Thursday, September 8, 2011

Dmitry Mayboroda Review



Dmitry Mayboroda, Piano
Bennett-Gordon Hall, Ravinia
September 7, 2011

All-Rachmaninoff Program:

•Prelude in C-sharp Minor, Op. 3 No. 2
(Preludes Op. 23)
•No. 5 in G Minor
•No. 4 in D Major
•No. 2 in B-flat Major
•No. 6 in E-flat Major

Preludes Op. 32
•No. 10 in B Minor
•No. 12 in G-sharp Minor
•No. 13 in D-flat Major

Moments musicaux Op. 16
•No. 4 in E Minor
•No. 5 in D-flat Major
•No. 6 in C Major

Intermission

Kreisler-Rachmaninoff 
•Liebesfreud (Love’s Joy)
•Liebesleid (Love’s Sorrow)

Mendelssohn-Rachmaninoff 
•Scherzo from A Midsummer Night’s Dream

Rachmaninoff 
•Sonata No. 2 in B-flat Minor, Op. 36

Encores:
•Rachmaninoff: Prelude in G, 32/5
•Rachmaninoff: Polka de Vassily Rachmaninoff

Probably the best overall description I can give about my thoughts on this concert as a whole can be summed up with an anecdote about the middle part of the G minor prelude. 
If you look at the score, you see a pleasant melody in octaves in the right hand, and a gently inflected rolling bass line in the left, looping up and down like hills. Most pianists take this middle part simply as the "middle section" of the piece, and content themselves with a perfunctory rendering of the overall shape: melody, and rolling accompaniment, steamrolling those inflections into nonentity in the process. 

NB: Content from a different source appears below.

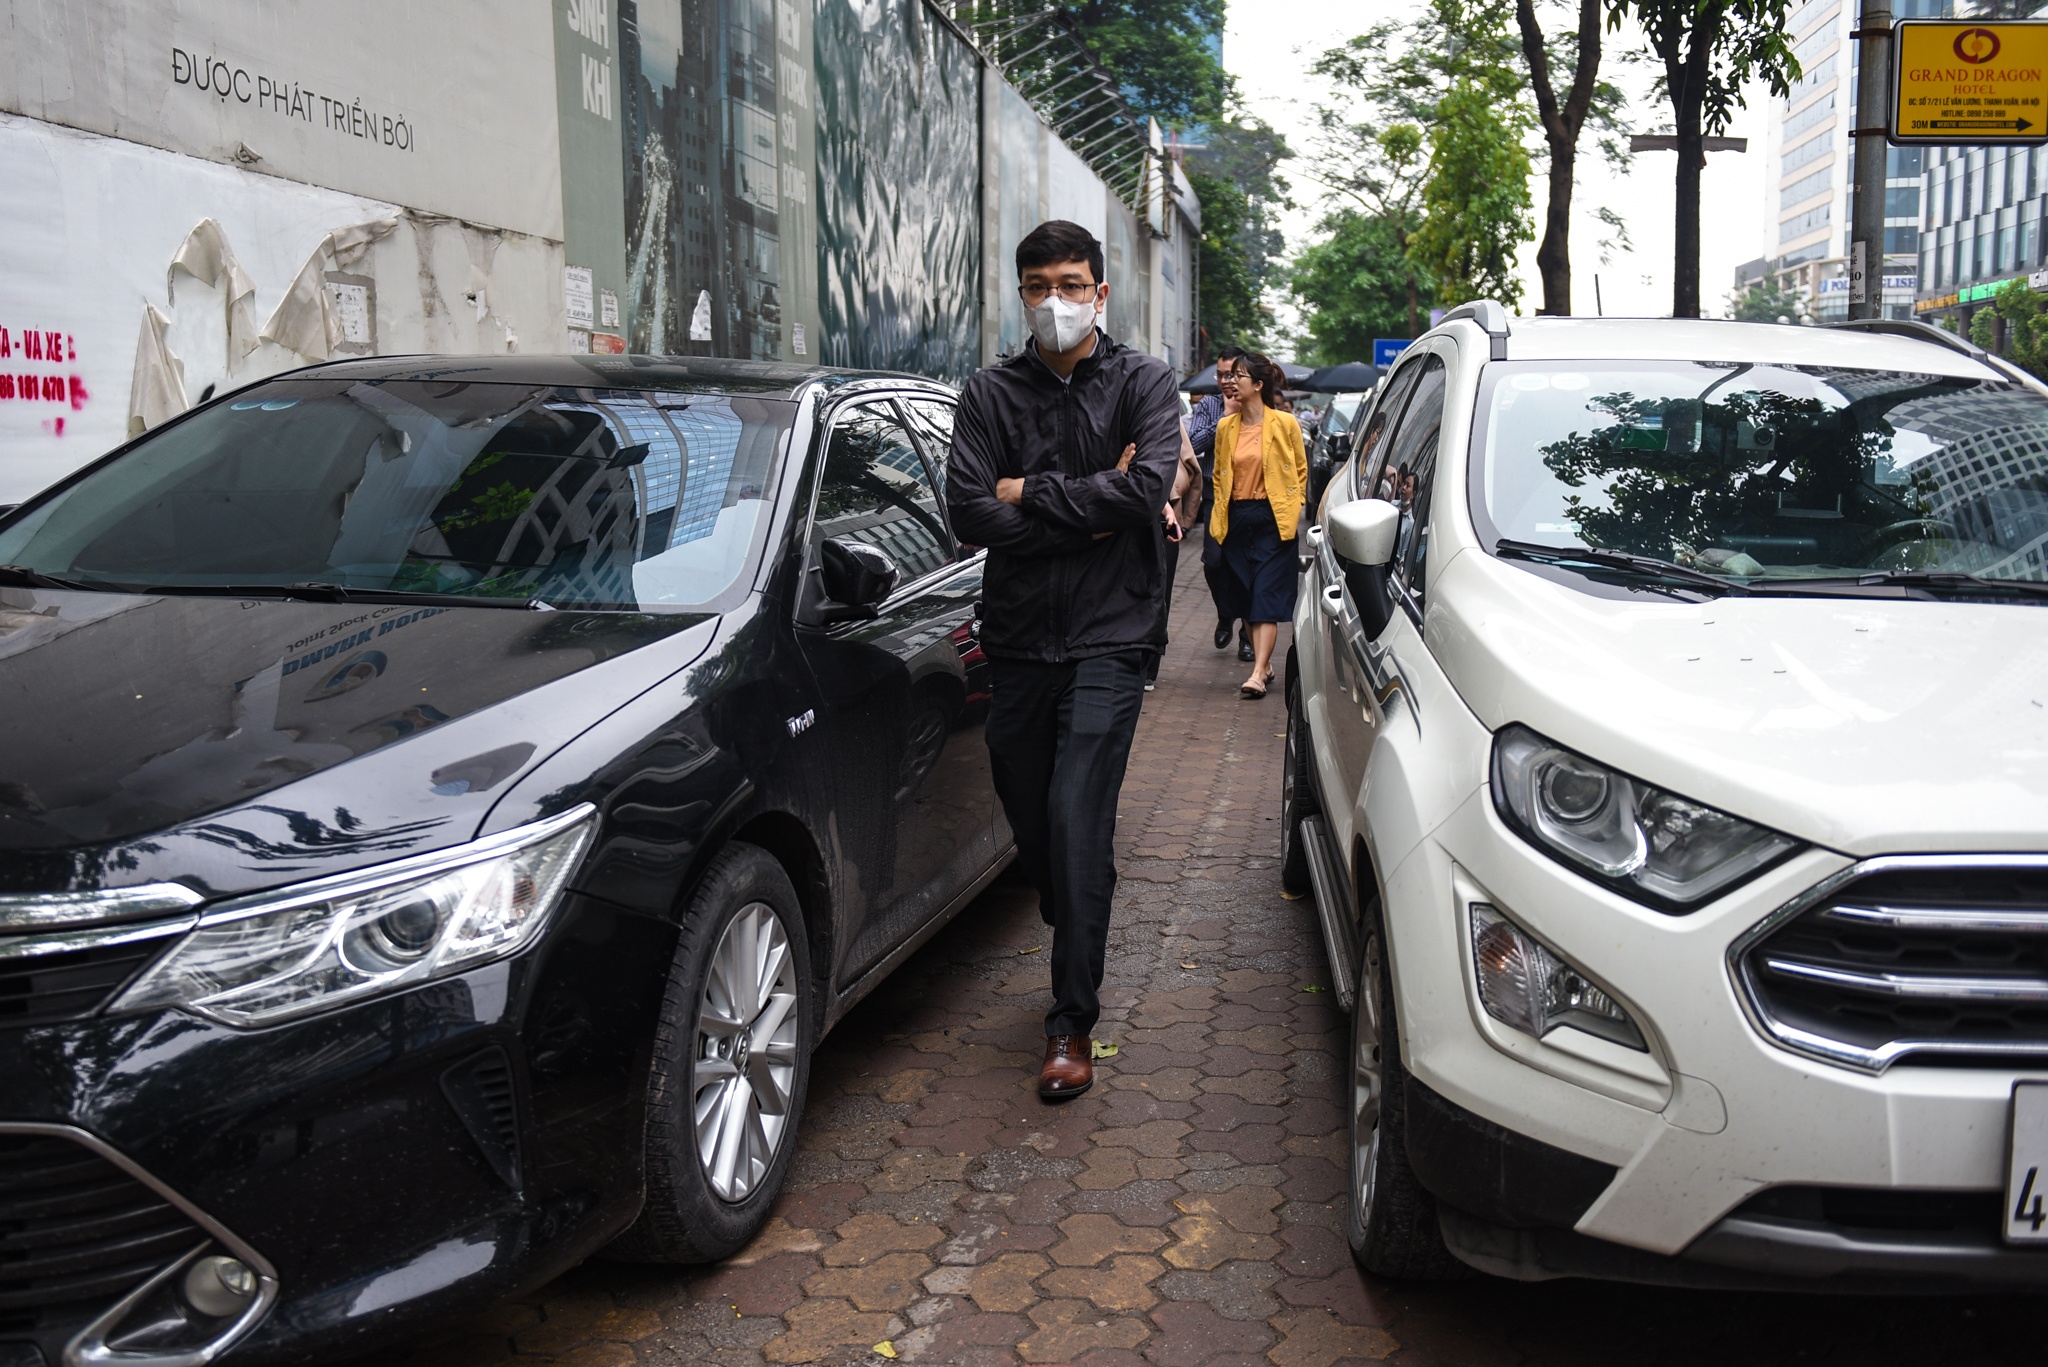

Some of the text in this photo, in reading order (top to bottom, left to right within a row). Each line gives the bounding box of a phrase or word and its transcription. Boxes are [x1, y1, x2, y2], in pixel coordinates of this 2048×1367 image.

Well, you're interested in going one better than that, you can balance the parts well so that you can hear the soft, rolling accompaniment, the octave melody come in over it, and finally those inflection points poking through in the middle. That's a good way of letting the music speak for itself. 

However, it is possible to go through that very process, but figure out HOW the melody and the rolling bass relate to those inflections, and then tailor their parts so that when the inflections do come in, they sound like an outgrowth of everything that came before. In a rich piece of music, there are typically a few ways in which that might be done, and when one chooses to do so, it gives the impression of the artist making a STATEMENT.

This happened all night long.

The person sitting next to me during the concert asked me what I thought of his technique. I thought for a bit, and said that I believed his technique to be par. While he obviously can play and shape the notes in all of these pieces–either by choice, or by limitation, I can't presume to know which–there remain others who can outdo him technically. One can't hear Gavrilov play the octaves and chords at the end of the B flat prelude and not be somewhat expectant when a new pianist comes up and plays that piece; Mayboroda was very good, but I've heard dynamite elsewhere. Clearly, Mayboroda could handle the octaves in the G minor prelude, but they didn't come etched out like bullets like Matsuev does. My one complaint of the evening is that the Mendelssohn didn't sound as "spritely" as it should. Granted, even a pianist of great stature like Garrick Ohlsson was quoted in an interview as stating that particular piece has "so many notes in it!", so we can forgive Mr. Mayboroda for somewhat succumbing to the extreme density of texture a little bit.

The good news through all of this is that I don't think it matters in the least. 

That Wednesday evening, Mr. Mayboroda made it abundantly clear that he was focused on bringing out the small details and the inner voices in Rachmaninoff's music. Sure, his scales were clean, and his details were well-defined, but I could tell that that wasn't his focus. It was as if he said, "Now, the technique for XYZ passage is very good, and that is sufficient. Now I can focus on these things." And went on to concentrate on the arc of the performance through the two halves of the program, and sculpting his sound to be what he wanted. As the concert went on, overall his tone subtly but ceaselessly shifted from a more melody focused sound (one that one would stereotypically expect to hear in Chopin playing) to a richer, darker, more full blooded one. A classic example was the Moment Musical in C (a piece I think can stand to be forgotten): he brought out details in the writing of that piece I've never heard anyone do before. Most pianists just kind of let the volume and the texture (I've read that this piece has more notes per second than anything else Rachmaninoff ever wrote) speak for itself, but in Mayboroda's hands, we hear shapely, charming, chromatic melodic lines. Granted, they were repetitive and supernumerary charming, shapely melodic lines, but they were there. Mayboroda took the trouble to take Rachmaninoff's music and make something out of it.